Working data ::
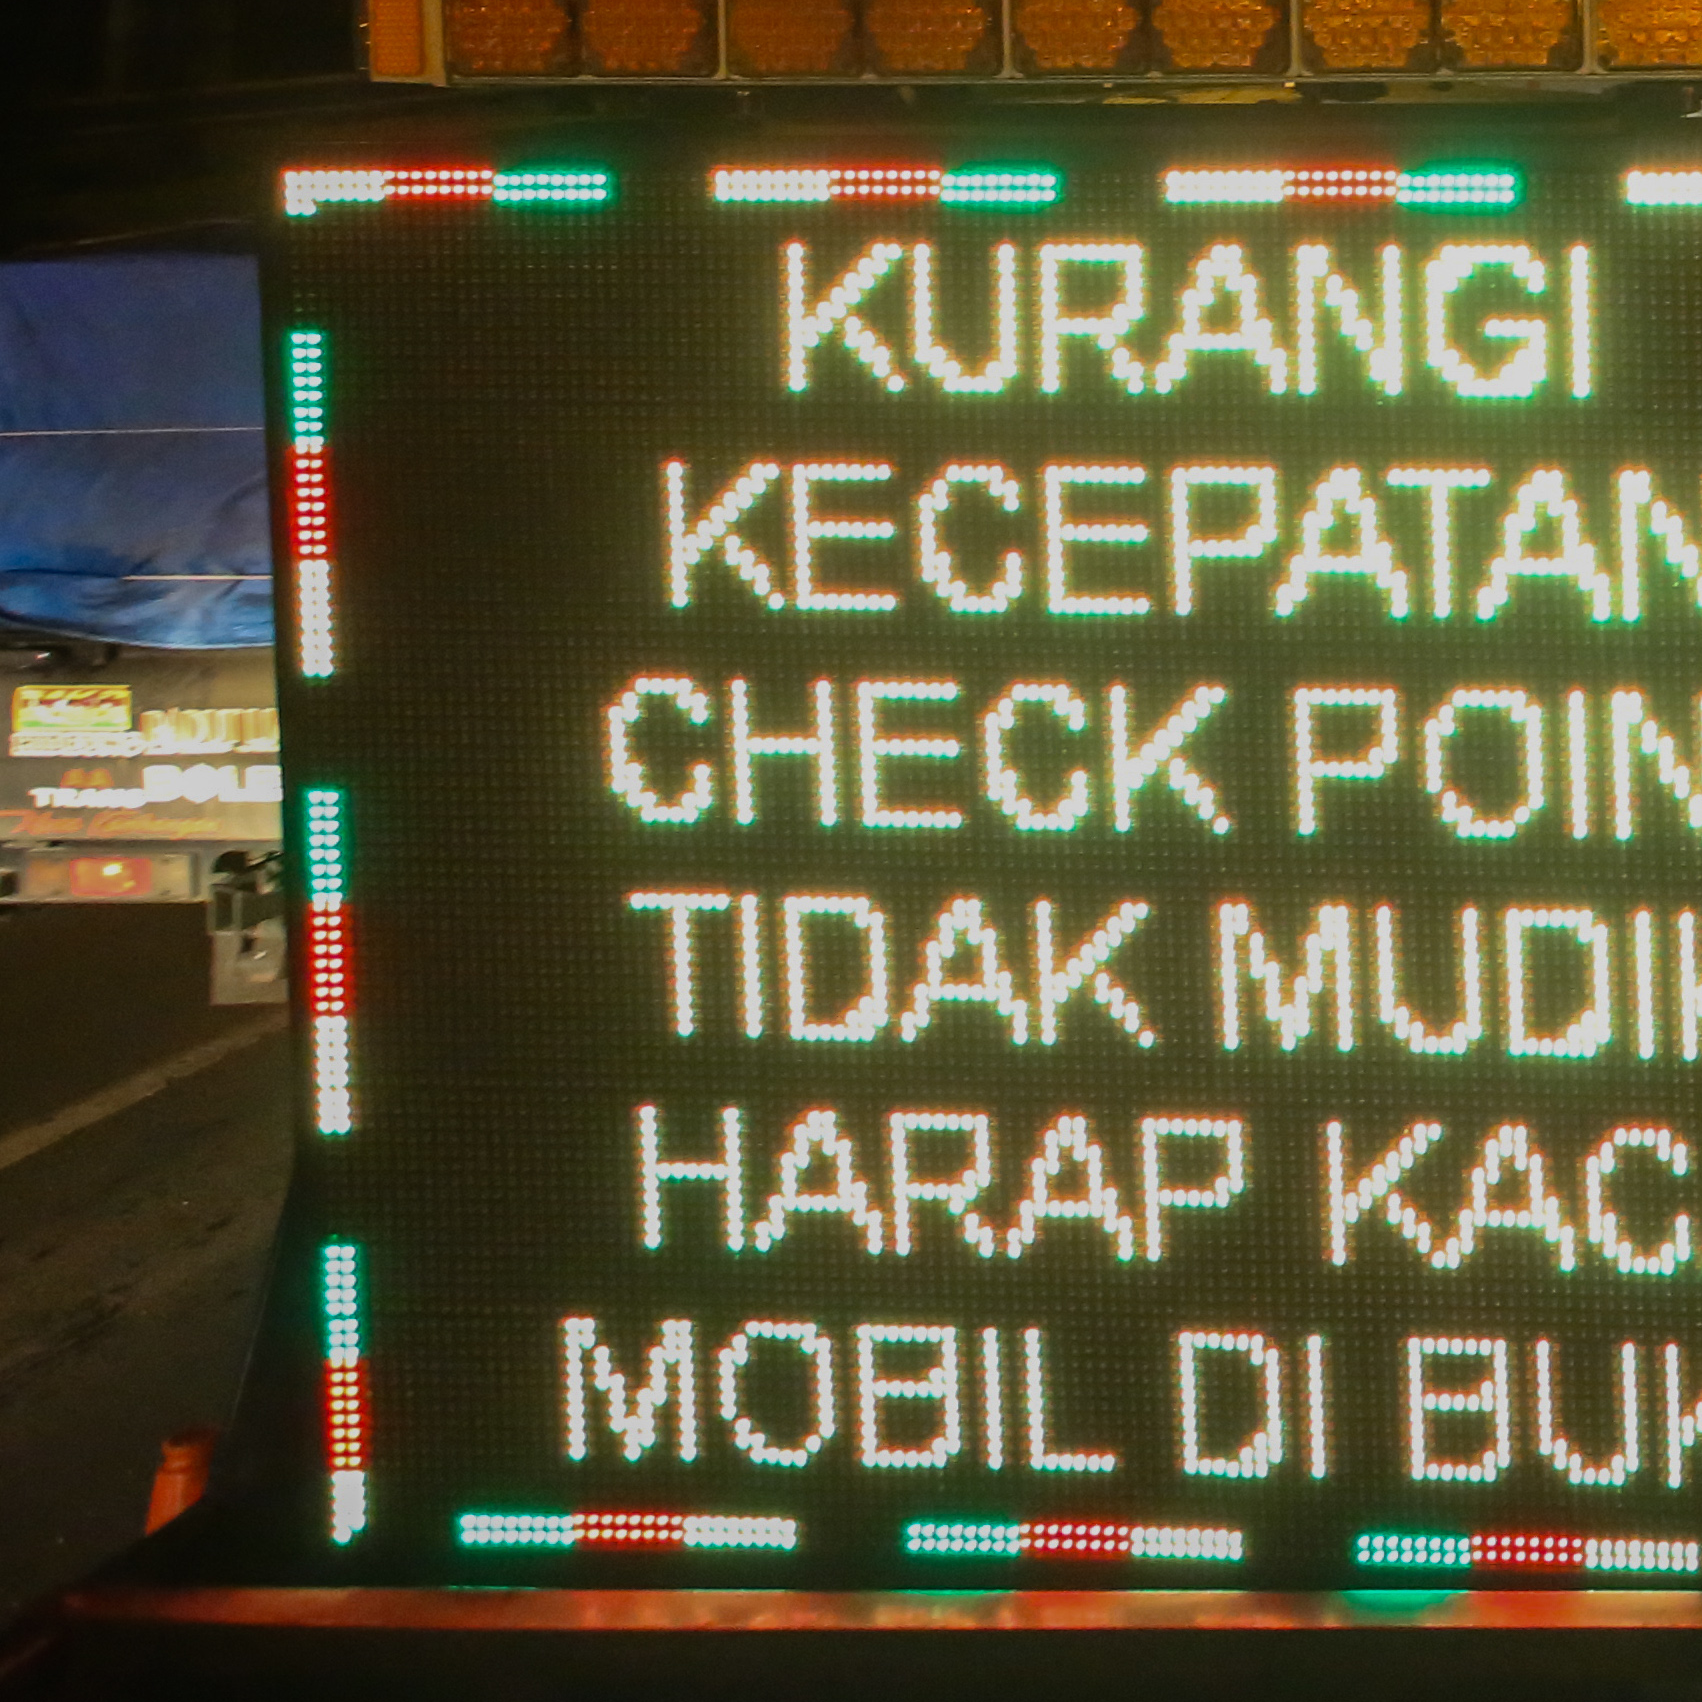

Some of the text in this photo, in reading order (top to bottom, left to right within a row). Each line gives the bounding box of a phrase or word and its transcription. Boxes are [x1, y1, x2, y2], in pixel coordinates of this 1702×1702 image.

[783, 239, 1595, 401] KURANGI
[604, 674, 1233, 837] CHECK
[626, 889, 1158, 1051] TIDAK
[636, 1102, 1248, 1264] HARAP
[561, 1314, 1119, 1474] MOBIL
[1175, 1328, 1329, 1481] DI

Aim of the task ::
Your task is to transcribe all of the records precisely, with no images included.

Written answer ::
Some of the text in this photo, in reading order (top to bottom, left to right within a row). Each line gives the bounding box of a phrase or word and its transcription. Boxes are [x1, y1, x2, y2], in pixel coordinates of this 1702×1702 image.

[783, 239, 1595, 401] KURANGI
[604, 674, 1233, 837] CHECK
[626, 889, 1158, 1051] TIDAK
[636, 1102, 1248, 1264] HARAP
[561, 1314, 1119, 1474] MOBIL
[1175, 1328, 1329, 1481] DI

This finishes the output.